Return of Holyfield

I love this guy, but I hope he doesn’t get hurt. He’s still a warrior. Watch the movie of him going back to the gym also.

Marotta: Obsession fuels Holyfield comeback

Many people have questioned why Evander Holyfield has decided to make a comeback at the age of 43, two years after his last fight. asked Rich Marotta, who will be the analyst for Holyfield’s comeback fight on Friday night’s Best Damn Sports Show boxing telecast, what he thought was behind the former champ’s desire to lace up the gloves again. Why do you think Evander’s still fighting?

Rich Marotta: I think Evander is not fighting for the money, nor fighting really for glory from the public. I think he’s in pursuit of a goal that has become an obsession for him, which is to be the undisputed heavyweight champion of the world.

Obsessions can be dangerous at times. I know there are people who think it’s dangerous in his case. But I believe he’s fighting because he has this goal. He’s had it for over a decade, and he’s still in pursuit of it. So he still believes he can be the champ?

RM: Holyfield honestly believes he can be the champion. To be truthful, this is not really a stellar group of champions, nor a stellar group of contenders we have now. The question is: Has he slipped so far, that he can’t contend with this group anymore. That’s what Friday night will give us a hint about. Do you think he really thinks he’s that good a fighter, or does he look at the current crop of heavyweights and say, “I can beat these guys,” considering the competition?
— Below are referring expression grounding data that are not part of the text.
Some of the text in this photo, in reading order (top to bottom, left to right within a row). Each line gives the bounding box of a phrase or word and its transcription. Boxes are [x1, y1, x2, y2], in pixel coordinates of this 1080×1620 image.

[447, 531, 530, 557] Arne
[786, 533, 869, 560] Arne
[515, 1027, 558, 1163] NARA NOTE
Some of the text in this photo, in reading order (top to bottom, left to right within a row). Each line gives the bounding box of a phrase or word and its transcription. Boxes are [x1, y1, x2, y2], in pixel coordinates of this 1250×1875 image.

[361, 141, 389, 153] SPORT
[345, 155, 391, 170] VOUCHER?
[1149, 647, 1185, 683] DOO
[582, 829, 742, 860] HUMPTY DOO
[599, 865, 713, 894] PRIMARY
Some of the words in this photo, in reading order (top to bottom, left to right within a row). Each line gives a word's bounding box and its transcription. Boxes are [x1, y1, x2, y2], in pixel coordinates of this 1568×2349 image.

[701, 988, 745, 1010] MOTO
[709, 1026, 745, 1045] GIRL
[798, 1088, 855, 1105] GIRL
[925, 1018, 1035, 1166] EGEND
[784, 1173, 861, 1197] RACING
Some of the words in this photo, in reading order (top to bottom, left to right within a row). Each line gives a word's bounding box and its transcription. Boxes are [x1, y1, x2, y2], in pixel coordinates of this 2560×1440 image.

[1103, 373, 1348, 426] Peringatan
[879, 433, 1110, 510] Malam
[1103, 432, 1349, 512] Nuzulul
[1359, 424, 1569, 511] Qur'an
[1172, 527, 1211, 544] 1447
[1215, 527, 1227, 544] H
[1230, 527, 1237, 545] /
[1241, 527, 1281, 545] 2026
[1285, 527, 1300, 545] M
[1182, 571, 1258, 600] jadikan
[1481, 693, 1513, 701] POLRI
RM: I think in Evander’s mind, he has legitimate reasons for his losses in his last couple of fights ? basically, injuries. I think he’s looking at it more form his own standpoint, rather than from the standpoint that it’s a bad group of contenders and champions out there.

He’s been working out in the gym, he’s still tremendously conditioned, he still has the body of a god. And he believes he still has the stuff to become champion.

In his mind, it’s more about him, that he can still do it now that he’s injury-free, rather than that it’s a poor crop of fighters out there in the heavyweight division. Do you have any idea what he has left as a fighter?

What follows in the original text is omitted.